> _WHAT IS BEING ASKED_
Could you return, exactly as written, only the lines from the one holding "this 1500×1334 image." through the final line of the records below?

> _DATASET ENTRIES_
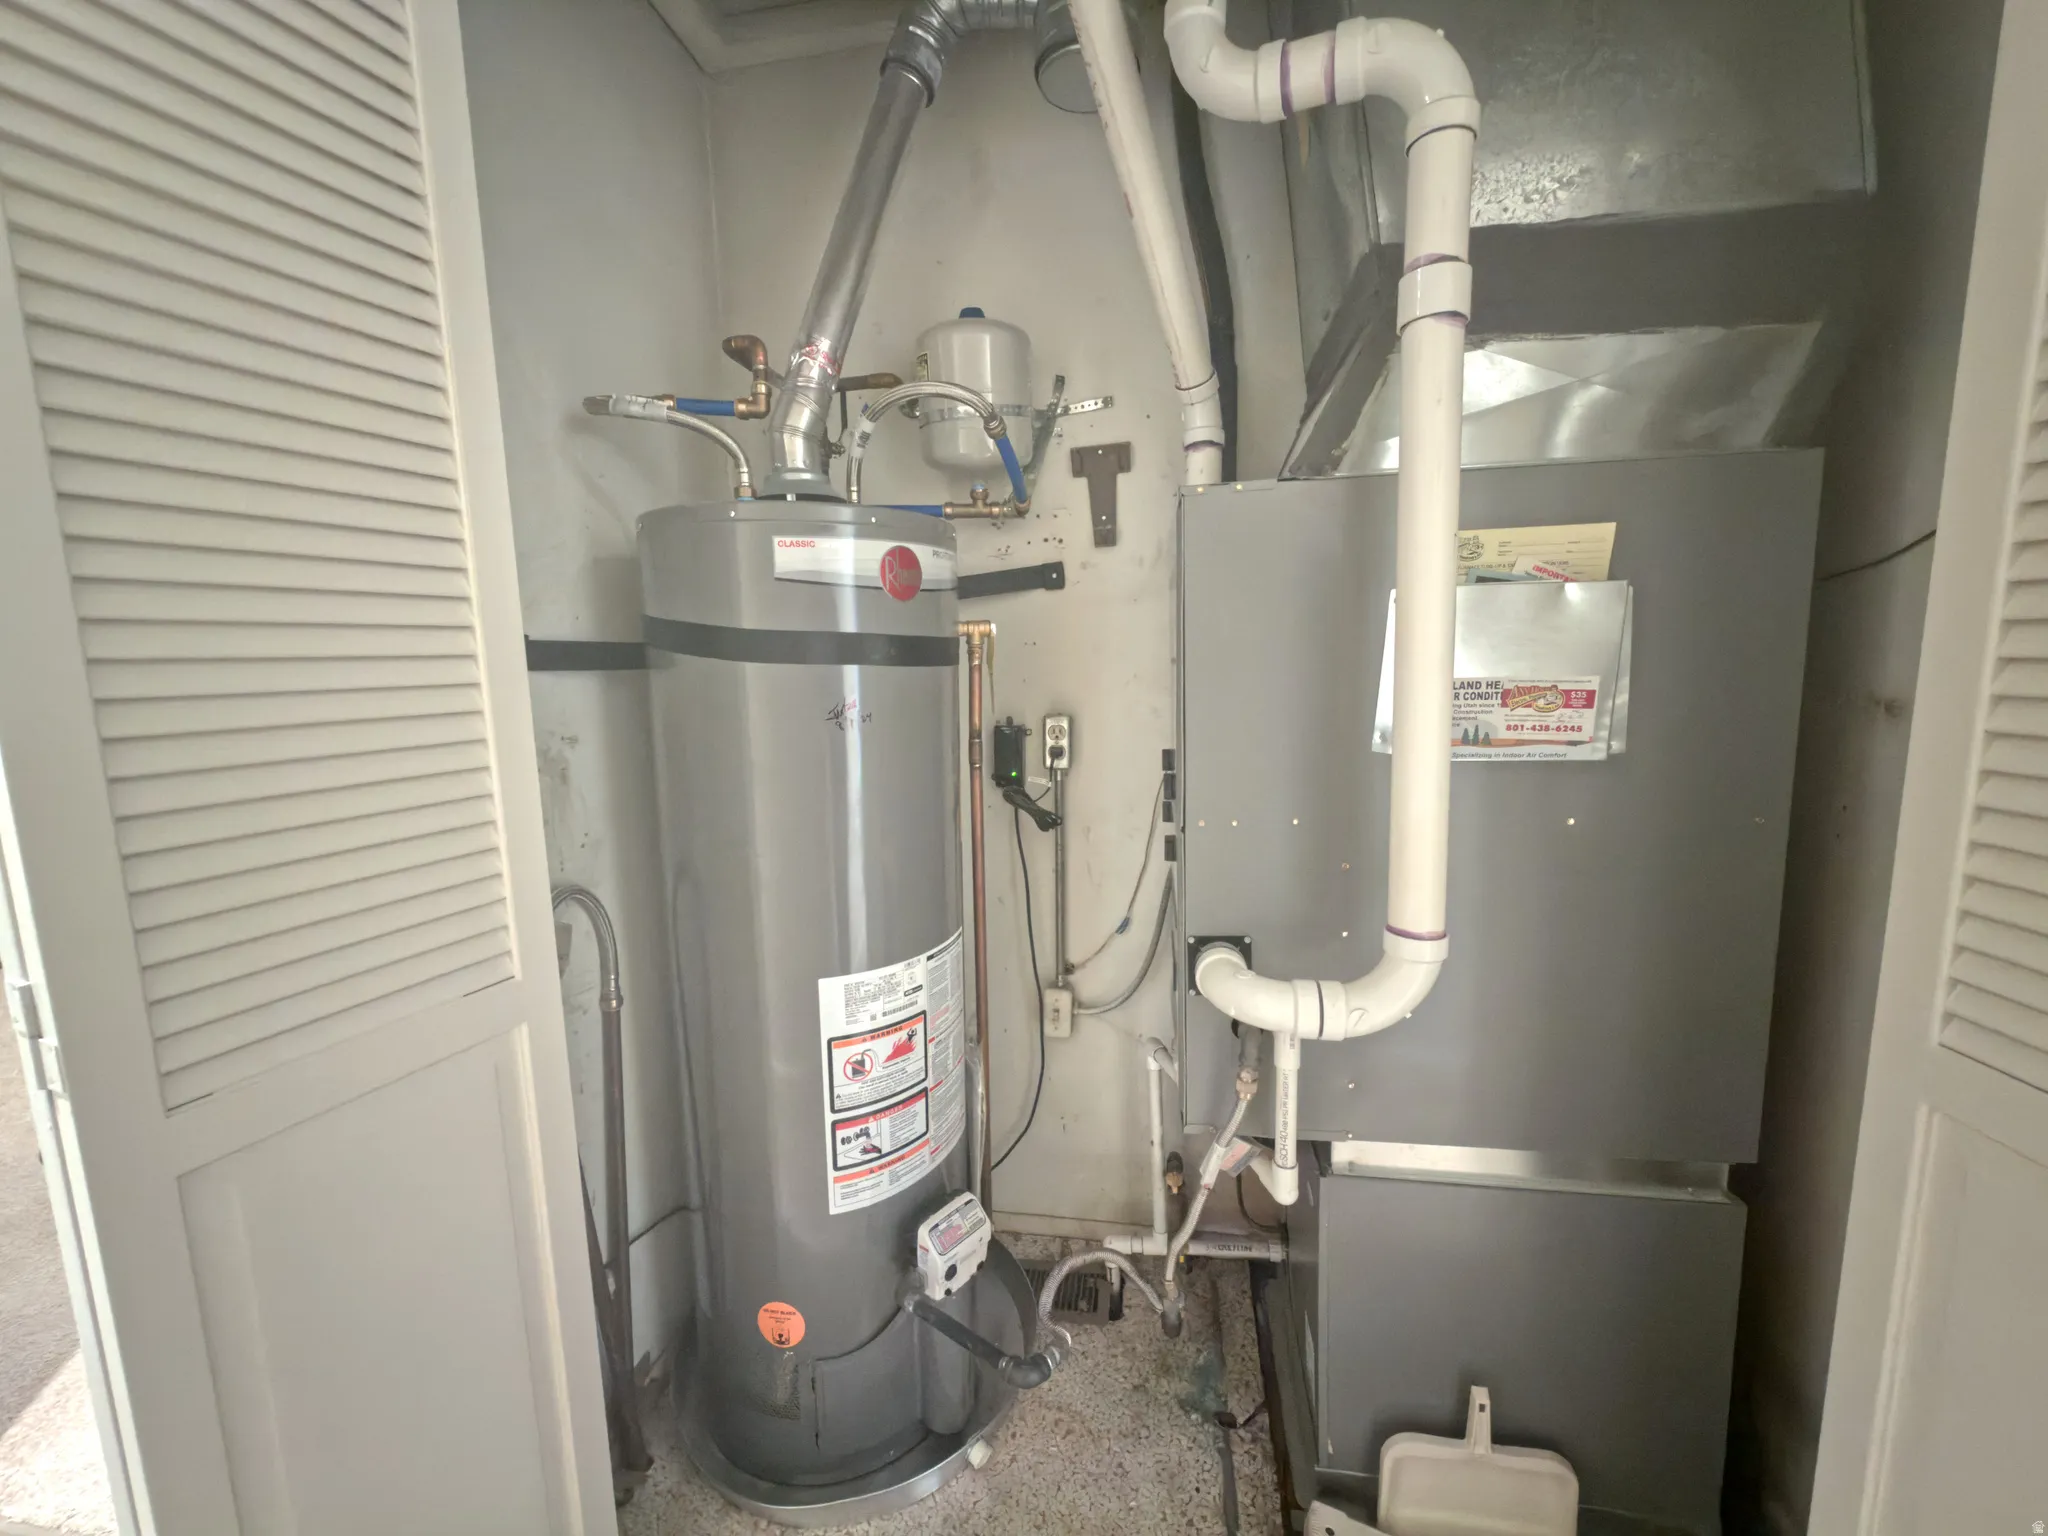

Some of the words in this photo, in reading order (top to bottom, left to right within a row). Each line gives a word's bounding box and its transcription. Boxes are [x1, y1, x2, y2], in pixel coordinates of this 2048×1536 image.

[777, 539, 816, 548] CLASSIC
[1453, 680, 1482, 691] LAND
[1570, 690, 1587, 699] $35
[1505, 723, 1583, 733] 801-438-6245
[1451, 752, 1493, 760] Specializing
[869, 1025, 904, 1040] WARNING
[875, 1104, 904, 1120] DANGER
[1280, 1131, 1289, 1143] 40
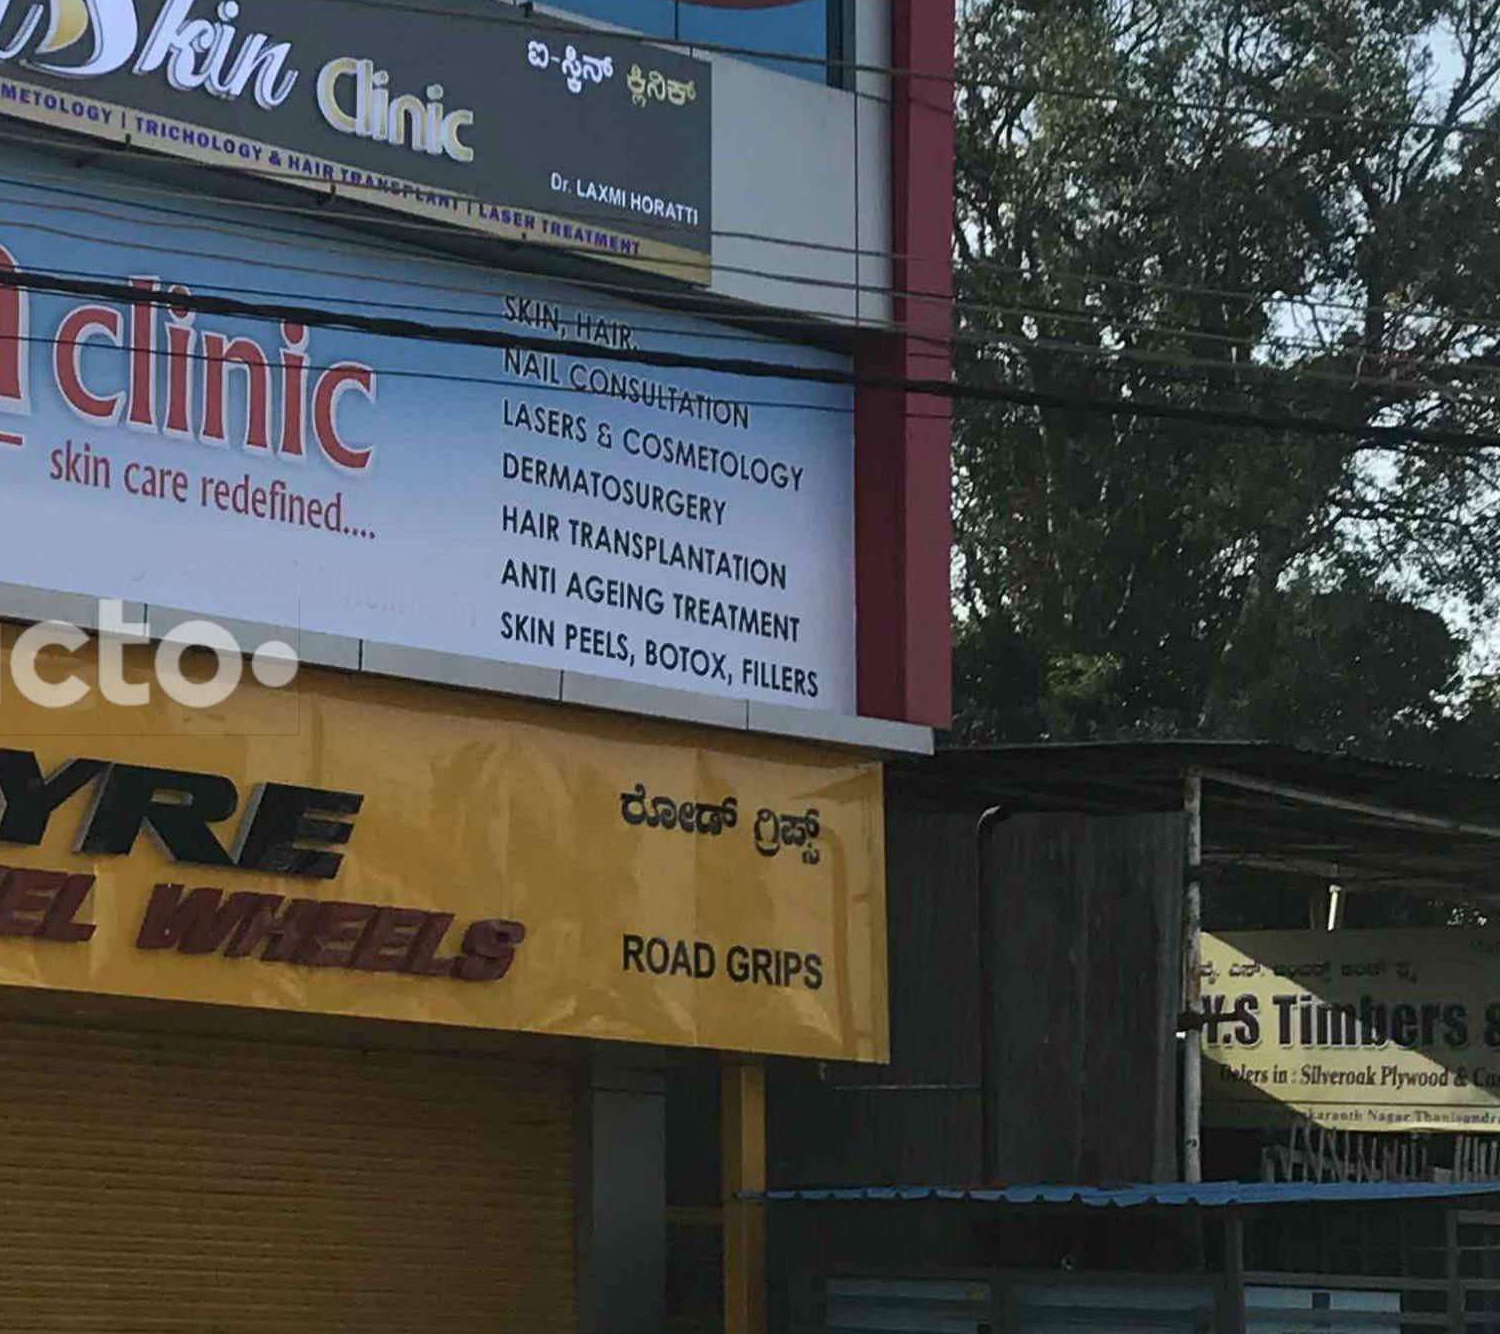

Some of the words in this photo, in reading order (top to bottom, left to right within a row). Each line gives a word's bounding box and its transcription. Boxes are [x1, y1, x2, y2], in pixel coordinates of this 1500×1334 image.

[316, 56, 474, 163] Clinic
[135, 116, 263, 161] TRICHOLOGY
[268, 150, 283, 166] &
[288, 155, 335, 180] HAIR
[340, 168, 460, 210] TRANSPLANT
[479, 203, 537, 230] LASER
[542, 218, 641, 256] TREATMENT
[551, 171, 573, 195] Dr.
[576, 178, 627, 208] LAXMI
[631, 193, 700, 227] HORATTI
[502, 296, 568, 339] SKIN,
[53, 275, 379, 473] clinic
[503, 348, 560, 386] NAIL
[569, 364, 749, 430] CONSULTATION
[49, 440, 111, 491] skin
[124, 457, 189, 504] care
[503, 399, 588, 444] LASERS
[597, 422, 612, 449] &
[623, 428, 804, 492] COSMETOLOGY
[502, 453, 726, 526] DERMATOSURGERY
[502, 505, 559, 542] HAIR
[568, 518, 787, 590] TRANSPLANTATION
[501, 558, 556, 595] ANTI
[566, 572, 664, 616] AGEING
[672, 593, 800, 643] TREATMENT
[501, 611, 555, 647] SKIN
[565, 623, 635, 668] PEELS,
[645, 639, 733, 686] BOTOX,
[741, 658, 819, 698] FILLERS
[136, 882, 526, 982] WHEELS
[622, 933, 716, 979] ROAD
[726, 945, 823, 990] GRIPS
[1272, 993, 1468, 1047] Timbers
[1301, 1064, 1376, 1086] Silveroak
[1381, 1064, 1449, 1090] Plywood

> _OUTPUT OF THE TASK_
Some of the words in this photo, in reading order (top to bottom, left to right within a row). Each line gives a word's bounding box and its transcription. Boxes are [x1, y1, x2, y2], in pixel coordinates of this 1500×1334 image.

[316, 56, 474, 163] Clinic
[135, 116, 263, 161] TRICHOLOGY
[268, 150, 283, 166] &
[288, 155, 335, 180] HAIR
[340, 168, 460, 210] TRANSPLANT
[479, 203, 537, 230] LASER
[542, 218, 641, 256] TREATMENT
[551, 171, 573, 195] Dr.
[576, 178, 627, 208] LAXMI
[631, 193, 700, 227] HORATTI
[502, 296, 568, 339] SKIN,
[53, 275, 379, 473] clinic
[503, 348, 560, 386] NAIL
[569, 364, 749, 430] CONSULTATION
[49, 440, 111, 491] skin
[124, 457, 189, 504] care
[503, 399, 588, 444] LASERS
[597, 422, 612, 449] &
[623, 428, 804, 492] COSMETOLOGY
[502, 453, 726, 526] DERMATOSURGERY
[502, 505, 559, 542] HAIR
[568, 518, 787, 590] TRANSPLANTATION
[501, 558, 556, 595] ANTI
[566, 572, 664, 616] AGEING
[672, 593, 800, 643] TREATMENT
[501, 611, 555, 647] SKIN
[565, 623, 635, 668] PEELS,
[645, 639, 733, 686] BOTOX,
[741, 658, 819, 698] FILLERS
[136, 882, 526, 982] WHEELS
[622, 933, 716, 979] ROAD
[726, 945, 823, 990] GRIPS
[1272, 993, 1468, 1047] Timbers
[1301, 1064, 1376, 1086] Silveroak
[1381, 1064, 1449, 1090] Plywood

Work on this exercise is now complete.